Ernest Howard Shepard  (10 December 1879 – 24 March 1976) was an English artist and book illustrator. He is known especially for illustrations of the anthropomorphic animal and soft toy characters in The Wind in the Willows and Winnie-the-Pooh.

Shepard's original 1926 illustrated map of the Hundred Acre Wood, which features in the opening pages of Winnie-the-Pooh (and also appears in the opening animation in the first Disney adaptation in 1966), sold for £430,000 ($600,000) at Sotheby's in London, setting a world record for book illustrations.

Career 

Shepard was born in St John's Wood, London, son of Henry Donkin Shepard, an architect, and Jessie Harriet, daughter of watercolour painter William Lee. Having shown some promise in drawing at St Paul's School, in 1897 he enrolled in the Heatherley School of Fine Art in Chelsea. After a productive year there, he attended the Royal Academy Schools, winning a Landseer scholarship in 1899 and a British Institute prize in 1900. There he met Florence Eleanor Chaplin, whom he married in 1904. By 1906 Shepard had become a successful illustrator, having produced work for illustrated editions of Aesop's Fables, David Copperfield, and Tom Brown's Schooldays, while at the same time working as an illustrator on the staff of Punch. The couple bought a house in London, but in 1905 moved to Shamley Green, near Guildford.

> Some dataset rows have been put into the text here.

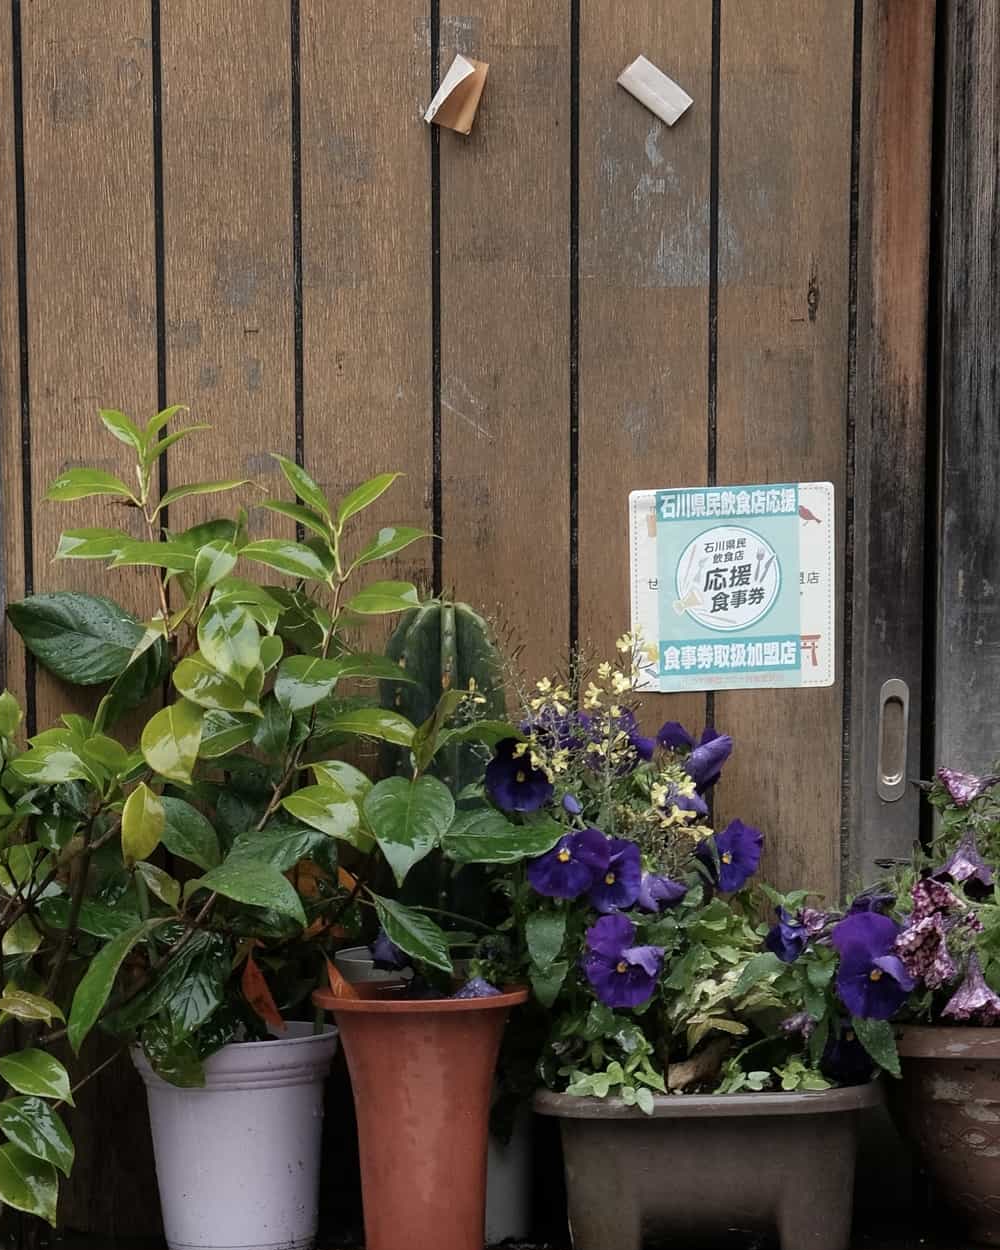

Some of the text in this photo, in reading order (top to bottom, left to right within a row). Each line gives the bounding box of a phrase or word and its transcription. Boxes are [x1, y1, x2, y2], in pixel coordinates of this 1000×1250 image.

[660, 488, 796, 518] 石川県民飲食店応援
[704, 538, 746, 553] 石川県民
[713, 550, 744, 564] 飲食店
[703, 563, 752, 592] 応援
[710, 587, 765, 613] 食事券
[663, 641, 797, 671] 食事券取扱加盟店

Shepard was a prolific painter, showing in a number of exhibitions. He exhibited at the Royal Society of Artists, Birmingham—a traditional venue for generic painters—as well as in the more radical atmosphere of Glasgow's Institute of Fine Arts, where some of the most innovative artists were on show. He was twice an exhibitor at the Walker Art Gallery in Liverpool, one of the largest provincial galleries in the country, and another at the Manchester Art Gallery, a Victorian institution later part of the public libraries. But at heart, Shepard was a Londoner, showing sixteen times at the Royal Academy on Piccadilly. His wife, who was also a painter, found a home in London's West End venue for her own modest output during a 25-year career.

In his mid-thirties when World War I broke out in 1914, Shepard received a commission as a second lieutenant in the Royal Garrison Artillery, an arm of the Royal Artillery. He was assigned to the 105th Siege Battery, which crossed to France in May 1916 and went into action at the Battle of the Somme.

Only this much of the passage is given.